Why Real Thinking Is Rare — And Getting Rarer.

Why your brain is not broken — but the conditions for thought are.

Most of us assume we’re thinking because there’s noise in our heads.

But noise isn’t thought.

And activity isn’t agency.

We scroll, reply, plan, and perform.

But rarely do we pause.

Rarely do we choose.

In a world designed for speed, stimulation, and survival.

True reflection is slipping through our fingers.

This isn’t a crisis of willpower.

It’s biology.

And it’s reshaping what it even means to have a mind.

In this piece, I want to explore a hypothesis.

That thinking isn’t our default state.

It’s a fragile biological window.

And that window is closing.

You didn’t choose to think about your ex while brushing your teeth.

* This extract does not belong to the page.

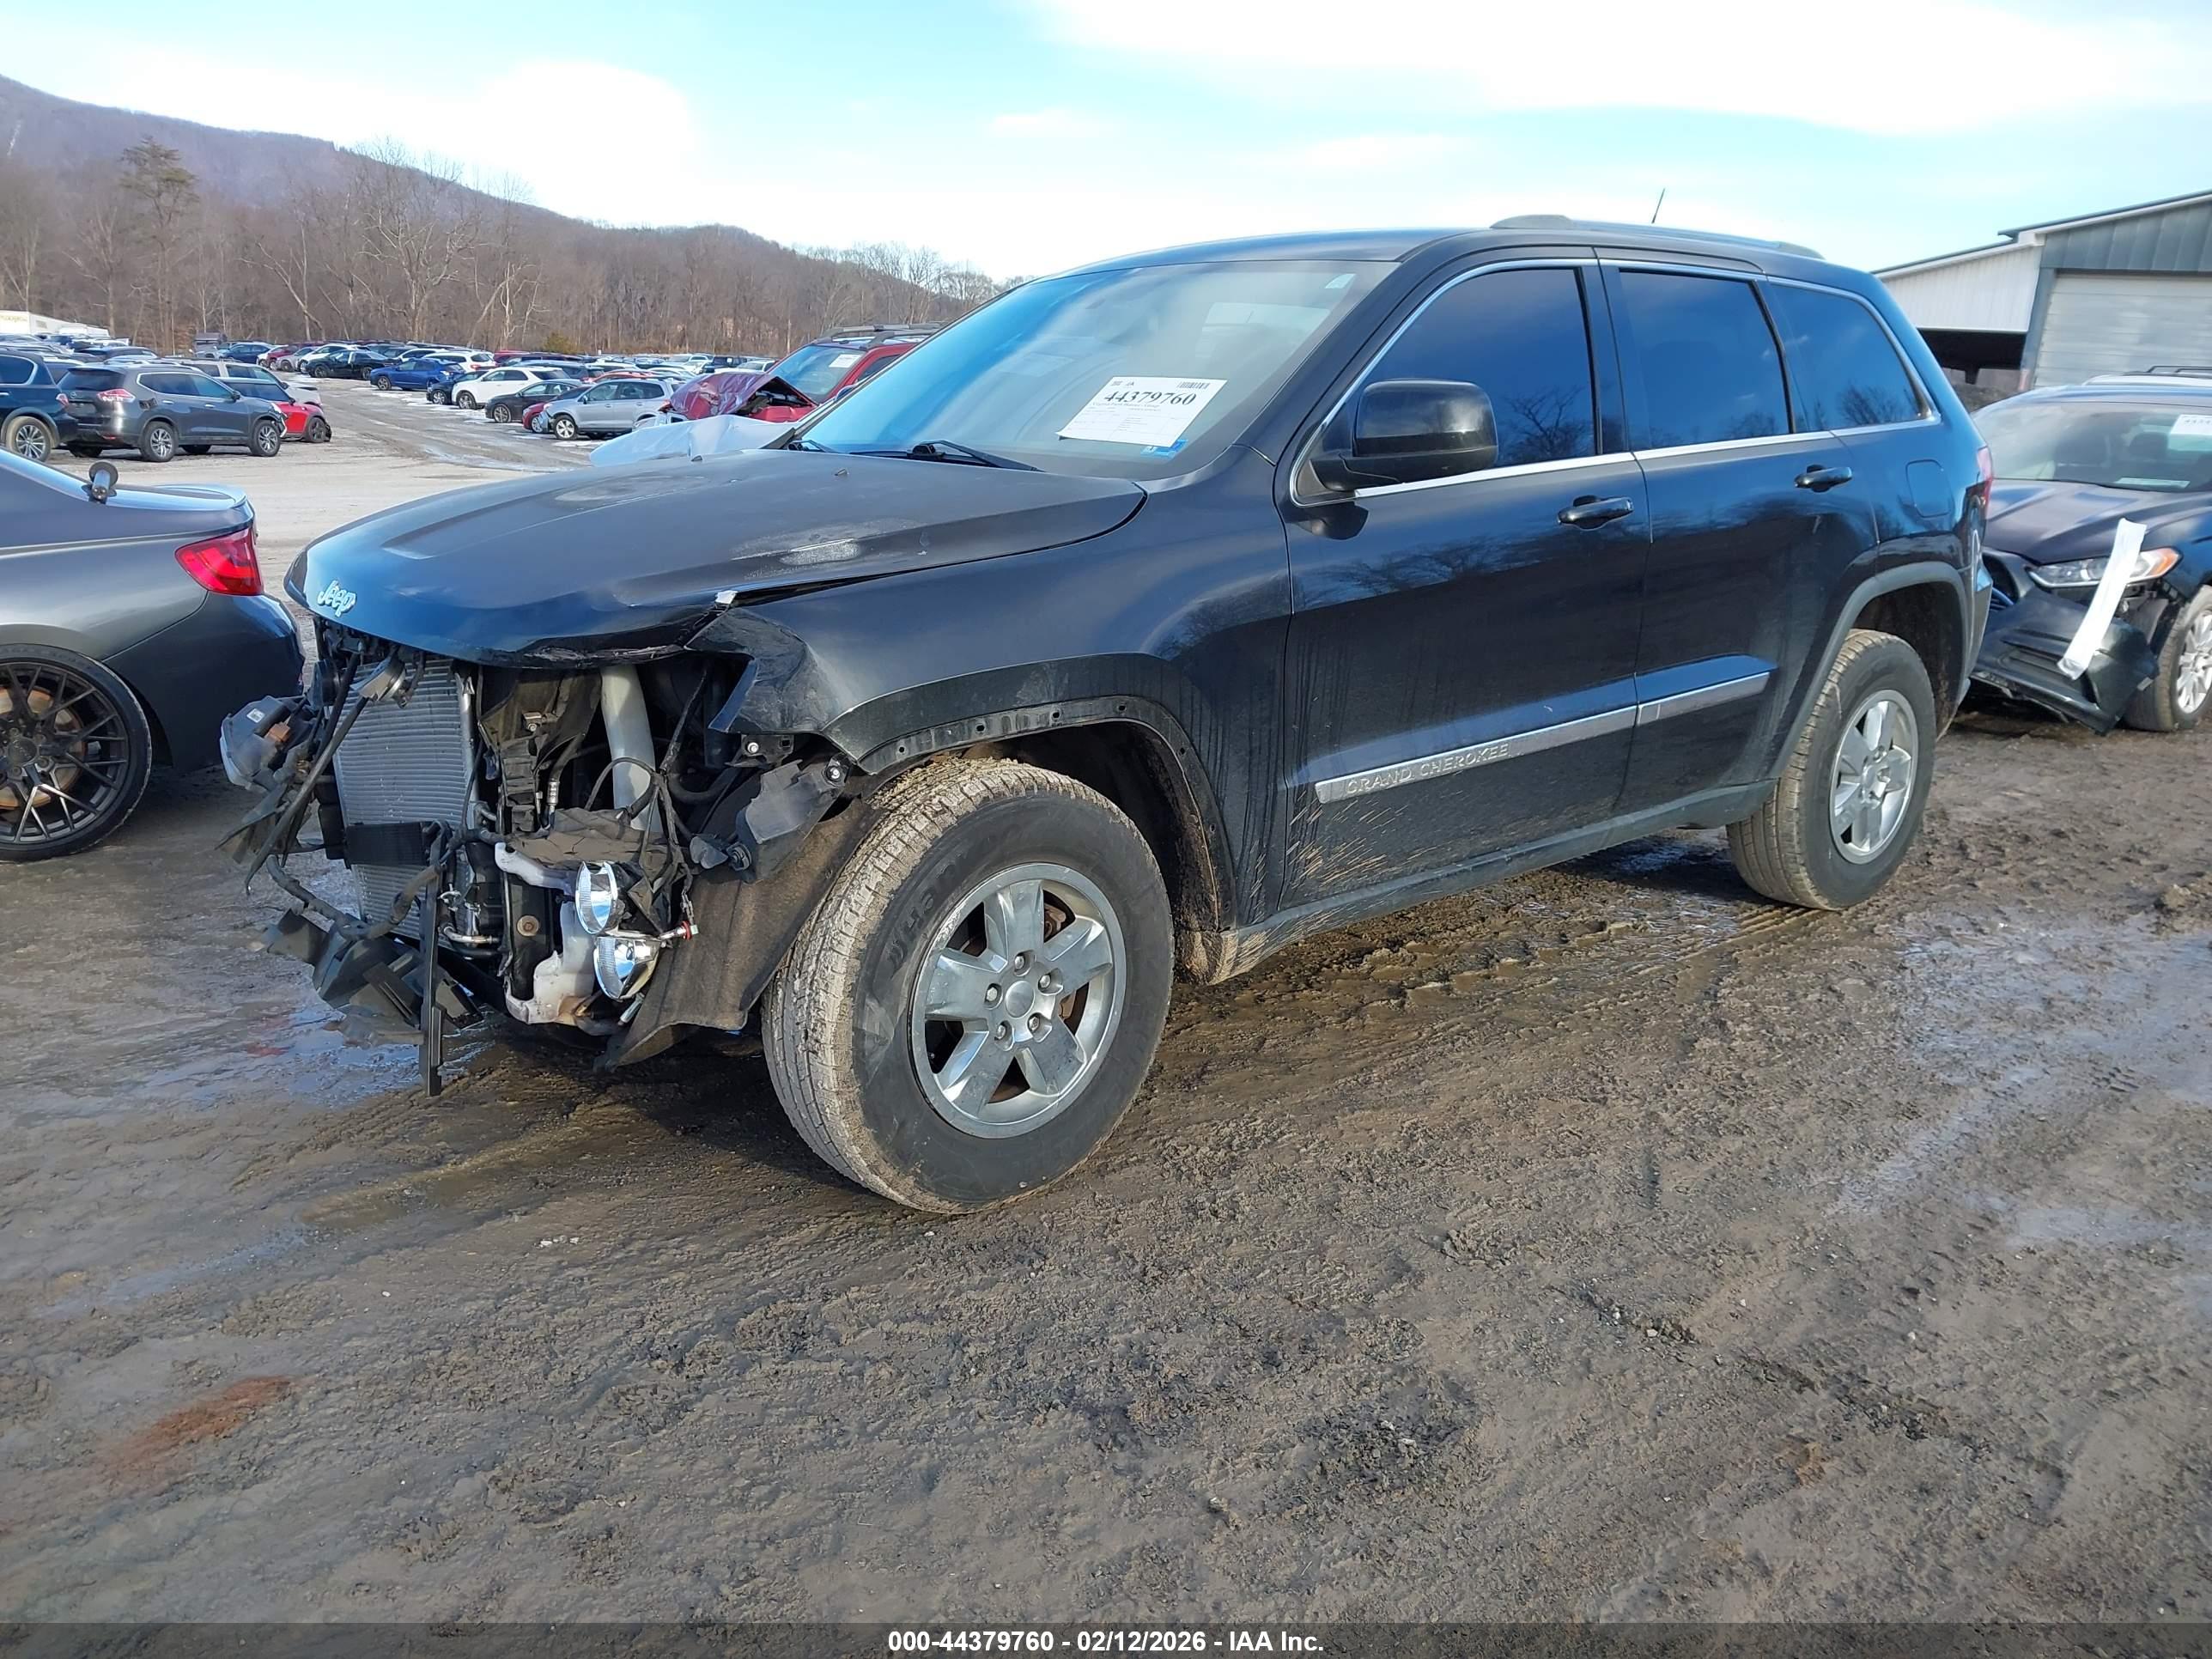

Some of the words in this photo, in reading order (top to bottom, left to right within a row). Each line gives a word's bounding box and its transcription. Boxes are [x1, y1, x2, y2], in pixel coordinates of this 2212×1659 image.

You didn’t decide to replay that argument in the shower.

That wasn’t thinking.

That was being thought.

Most of us live there.

Beneath awareness.

Narrating.

Reacting.

Surviving.

But real thought.

Reflection, morality, and imagination are rarer qualities.

It requires more than a conscious mind.

It requires permission.

I call this state the Jellyfish Mind.

Reactive.
Automatic.
Elegantly built for survival.
But blind.

And for many of us.

Most of the time.

This is where we live.

Not because we’re lazy or distracted.

But because our biology hasn’t granted us the conditions for reflection.

When Thought Disappears

I’ve felt what it means to truly think.

Not to solve.

Not to perform.

But to reflect.

It doesn’t arrive on command.

It appears like light through clouds.

It happened on a beach in Bali.

Galyna had just won Business of the Year.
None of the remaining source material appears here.